Os dados foram divulgados esta segunda-feira pela AMT e são relativos a uma ação de supervisão realizada por esta entidade quanto ao cumprimento das obrigações legais de transmissão de informação por parte de operadores de transporte rodoviários.

As empresas de transportes rodoviários têm de fazer o registo ou a atualização de informação no portal Sistema de Informação Geográfica de Gestão de Carreiras (SIGGESC).

De acordo com a AMT, até 10 de dezembro de 2019 estavam registados 107 operadores que prestam serviço público de transporte de passageiros. No relatório anual a inserir no portal, apenas 17 empresas tinham transmitido por completo, àquela data, os dados relativos à informação financeira por serviço e por título de transporte.

No que diz respeito ao relatório e contas, apenas estava inserida informação de 33 operadores.

Segundo a AMT, apenas 15 dos 107 operadores tinha em 10 de dezembro do ano passado inserido na íntegra a totalidade da informação devida no portal.

O relatório indica também que apenas 50% das empresas disponibilizou informação respeitante aos passageiros transportados, passageiros por quilómetro transportados, lugares por quilómetro oferecidos e produzidos, receitas, vendas, custos diretos e indiretos.

“Em diversas situações, no separador do relatório e contas apenas se encontra inserido o Balanço e Demonstração de Resultados e noutros casos a Informação Empresarial Simplificada (IES)”, é referido na nota.

A inserção do relatório e contas no separador dedicado à informação financeira apenas se verificou em três casos.

Por isso, a autoridade concluiu que existem indícios de um baixo nível de cumprimento das referidas obrigações legais por parte dos operadores, notando-se também a insuficiência de procedimentos sistemáticos de validação de dados por parte das autoridades de transportes.
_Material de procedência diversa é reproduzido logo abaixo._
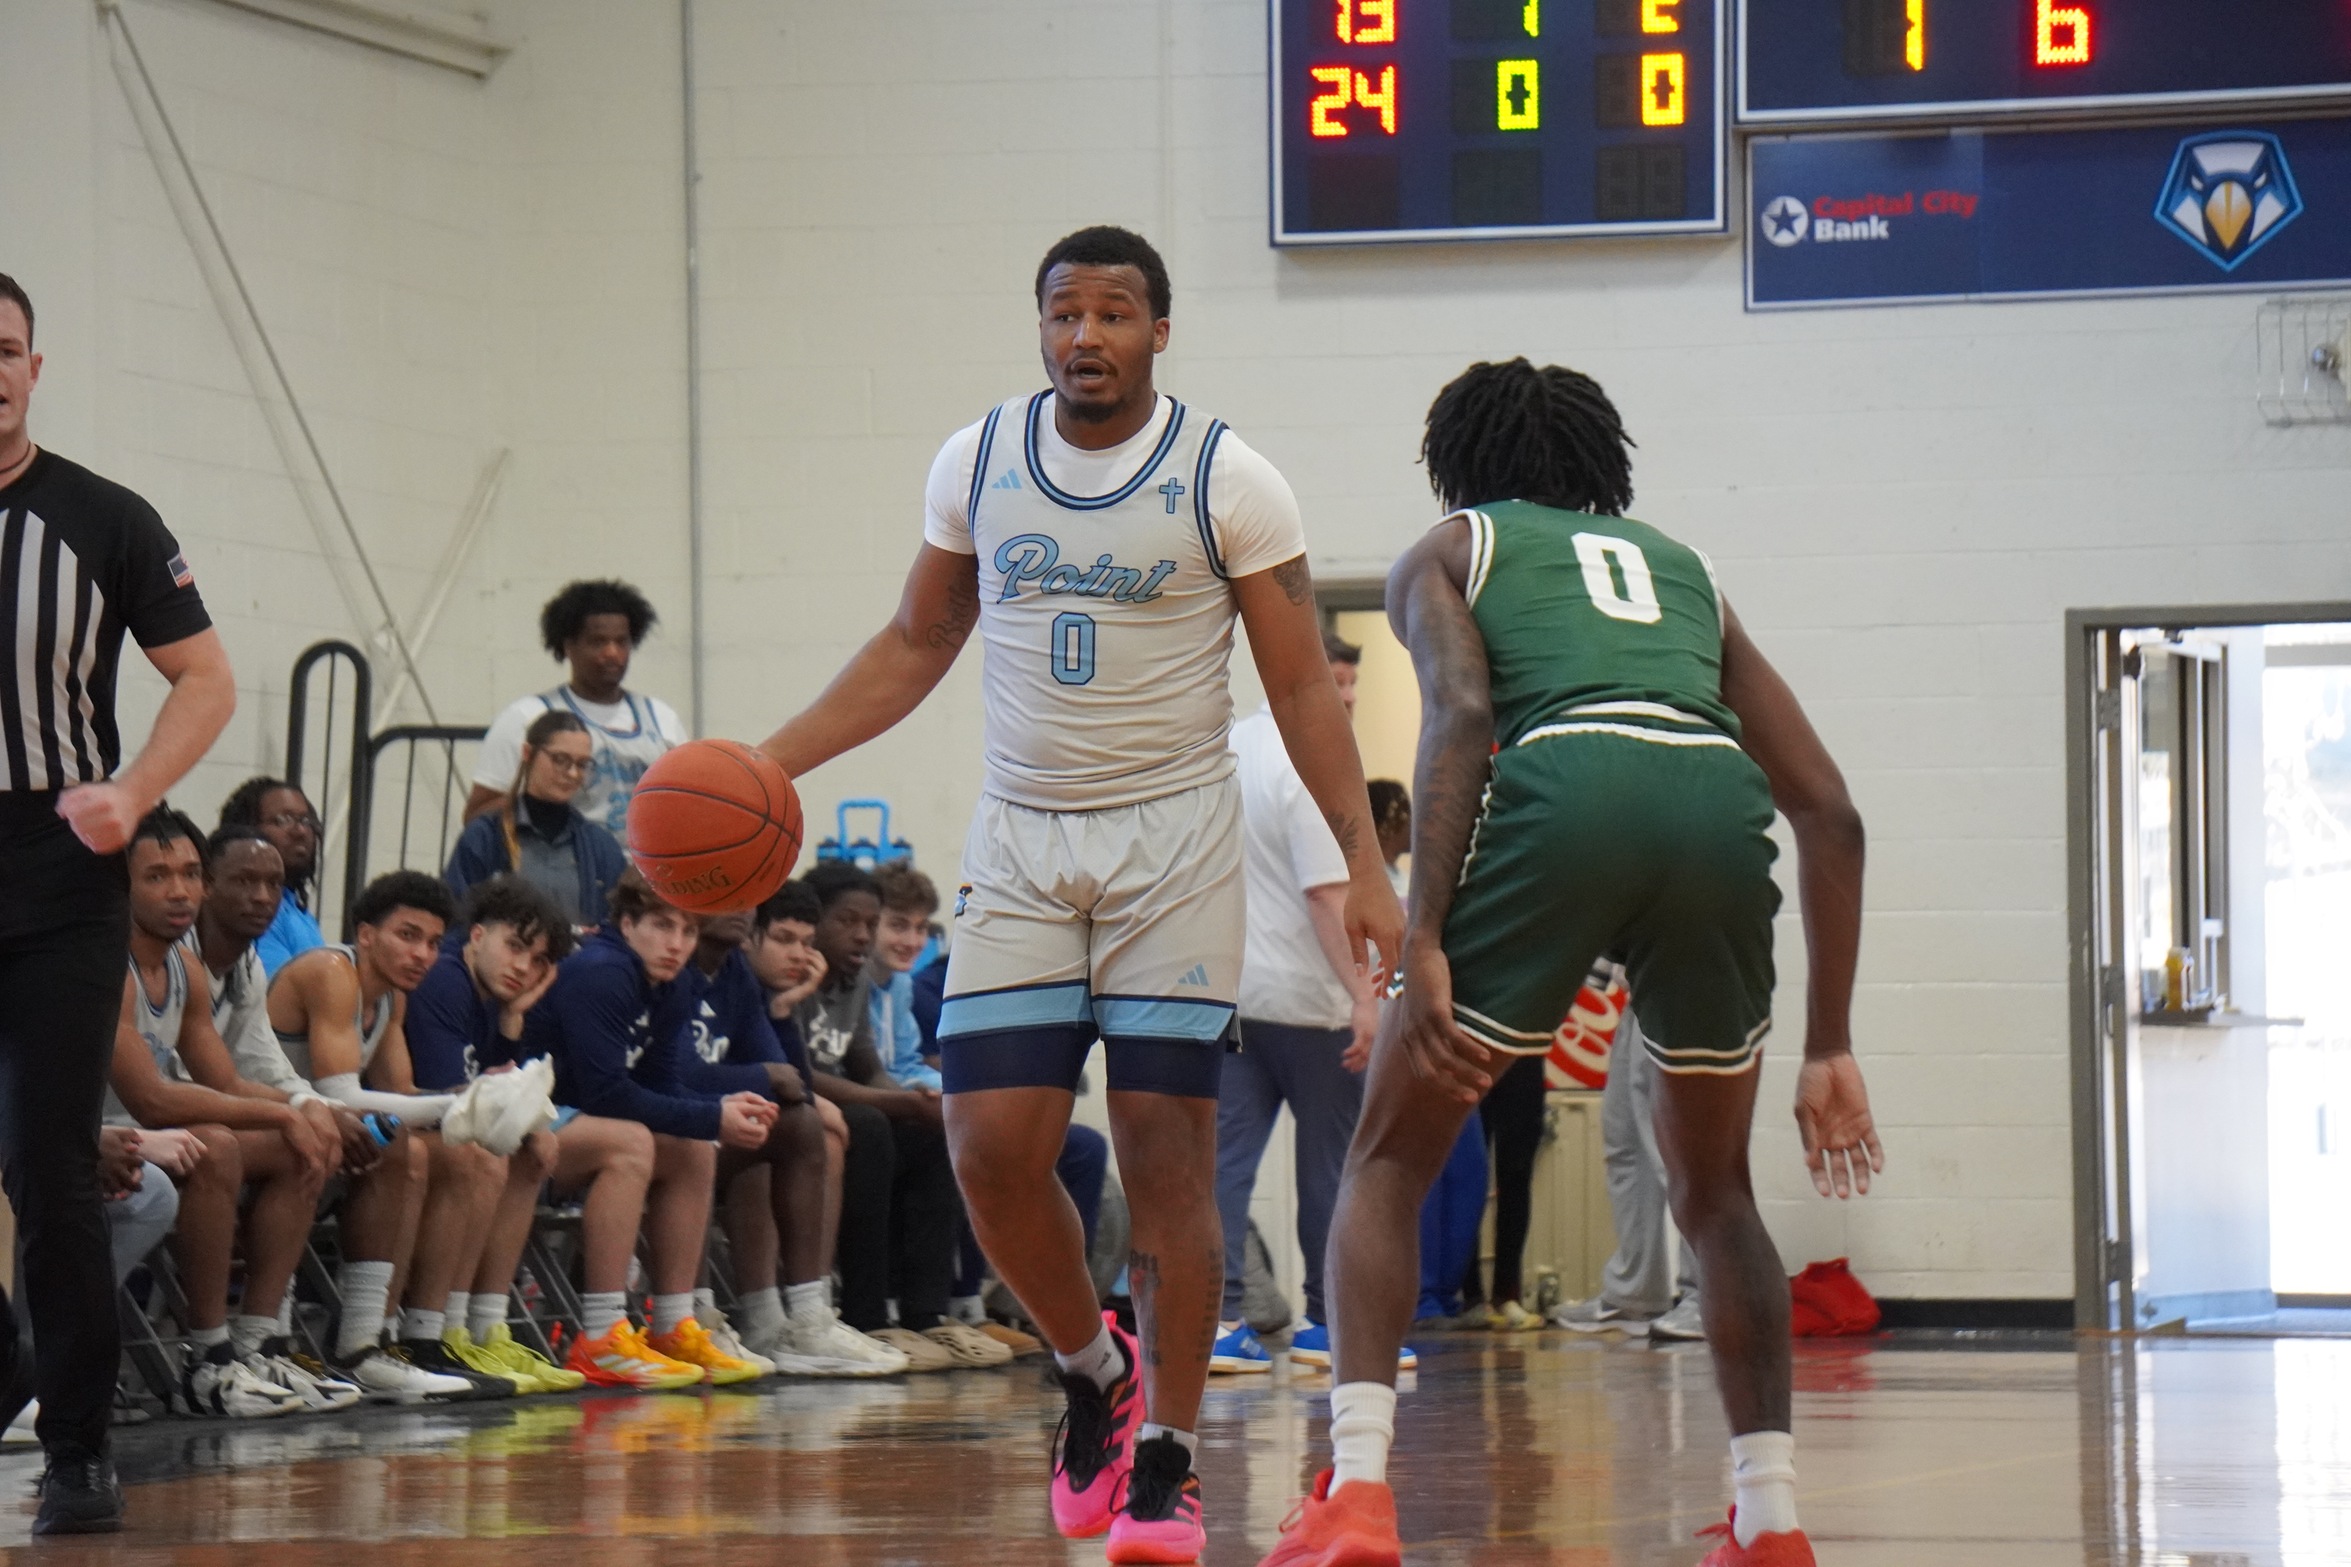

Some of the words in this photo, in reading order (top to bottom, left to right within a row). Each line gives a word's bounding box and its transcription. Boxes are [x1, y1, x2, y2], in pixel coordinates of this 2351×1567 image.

[2037, 0, 2089, 65] 6
[1310, 66, 1395, 136] 24
[1498, 60, 1538, 130] 0
[1641, 54, 1685, 126] 0
[1812, 191, 1914, 222] Capital
[1922, 190, 1978, 219] City
[1814, 214, 1889, 243] Bank
[994, 533, 1178, 605] Point
[1571, 531, 1663, 625] 0
[1051, 612, 1096, 686] 0
Nesse sentido, a AMT vai avançar com o processo de contraordenação por existirem indícios de incumprimento.

A contraordenação é punível com coima entre 10.000 a 30.000 euros.
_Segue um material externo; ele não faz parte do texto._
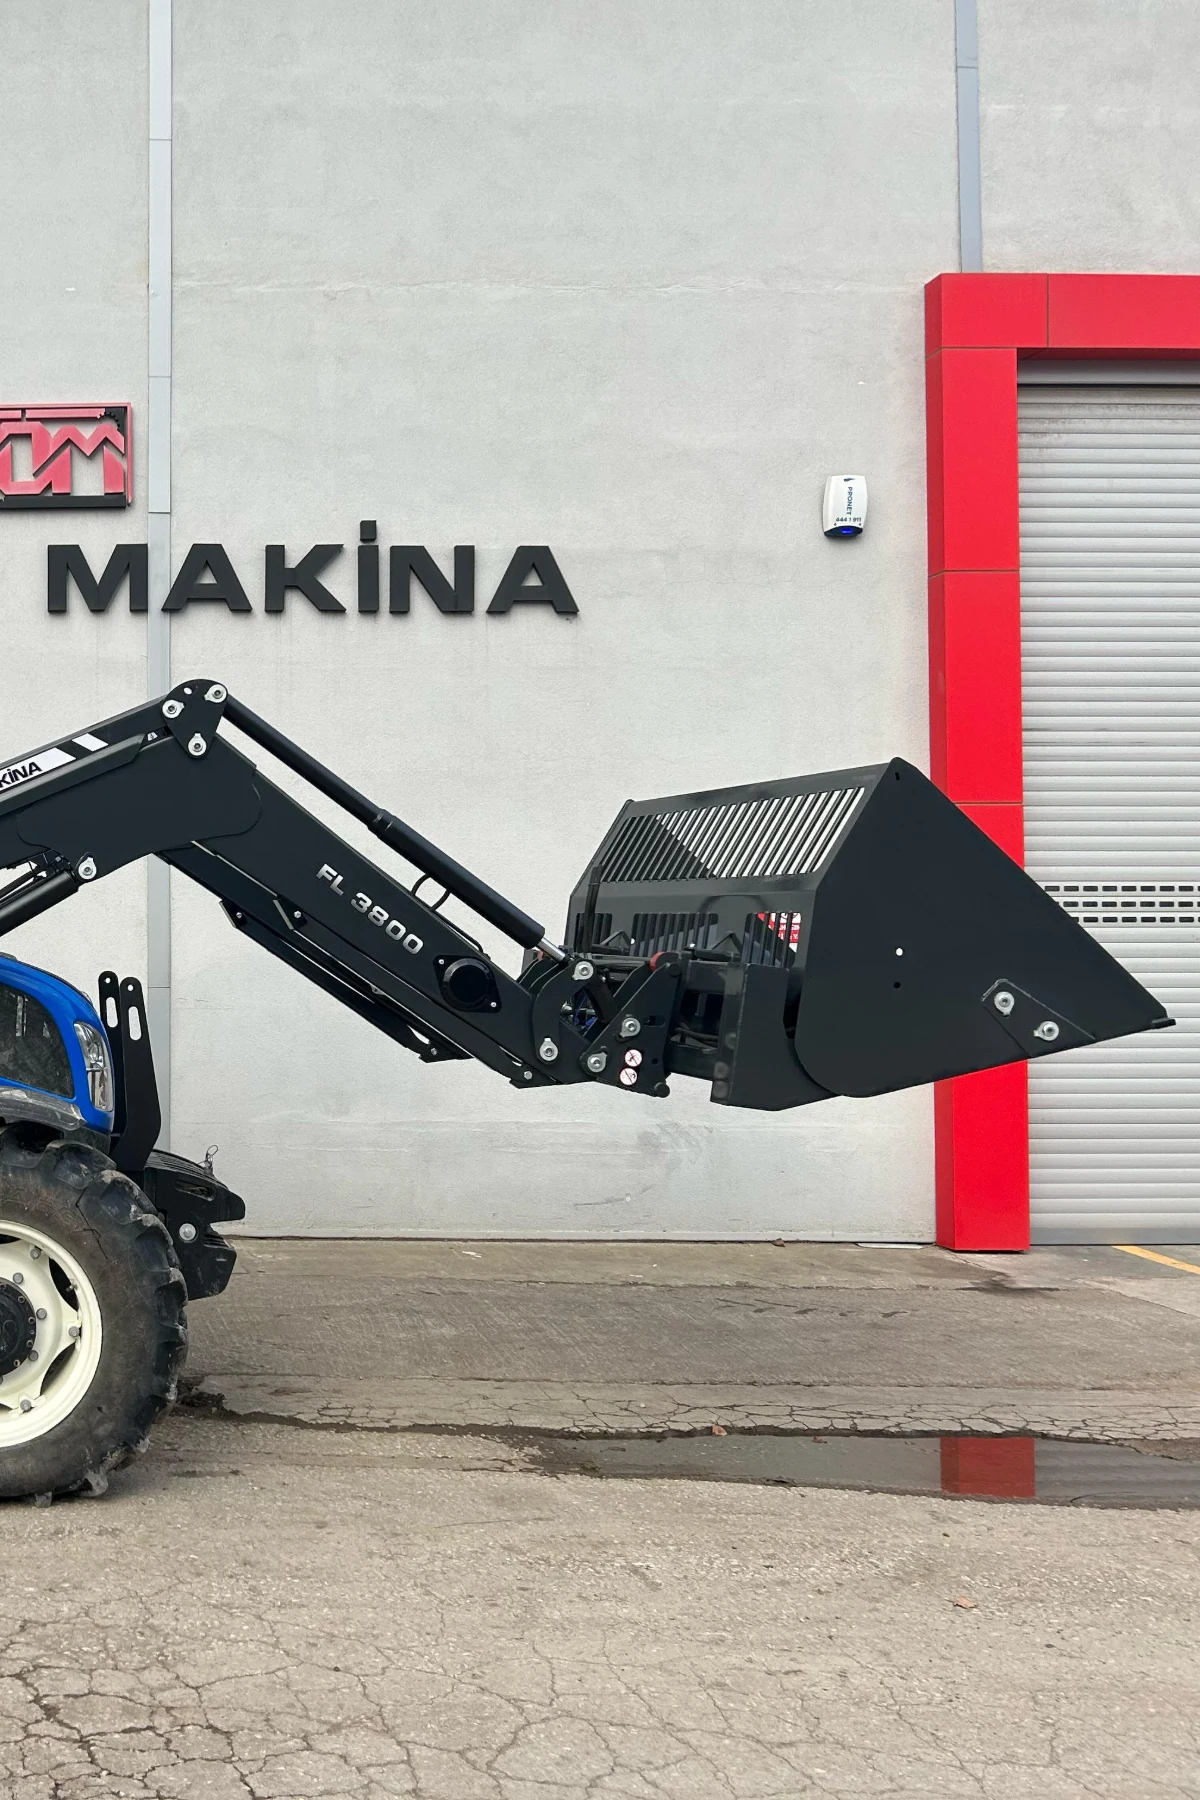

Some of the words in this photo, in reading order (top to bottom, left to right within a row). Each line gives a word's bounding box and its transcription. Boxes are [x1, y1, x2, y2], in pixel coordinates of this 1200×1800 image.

[47, 520, 581, 614] MAKİNA
[316, 863, 344, 896] FL
[350, 892, 424, 955] 3800
No entanto, os operadores de transportes podem, entretanto, demonstrar e comprovar que não existe de facto incumprimento (daí que a nota não indique quais os transportadores em incumprimento).

De acordo com as orientações da Comissão Europeia, “as entidades públicas competentes devem poder aceder a dados de base mínimos, essenciais, exatos e adequados ao exercício das respetivas atribuições e competências, sem prejuízo do adequado tratamento dessa informação”.

“A não prestação de informação sem justificação objetiva a uma autoridade pública poderá configurar um entrave e dificultar o estabelecimento de regras transparentes ou de procedimentos equitativos e, por isso, constituir em si mesmo, um entrave à concorrência nos mercados”, descreve a autoridade.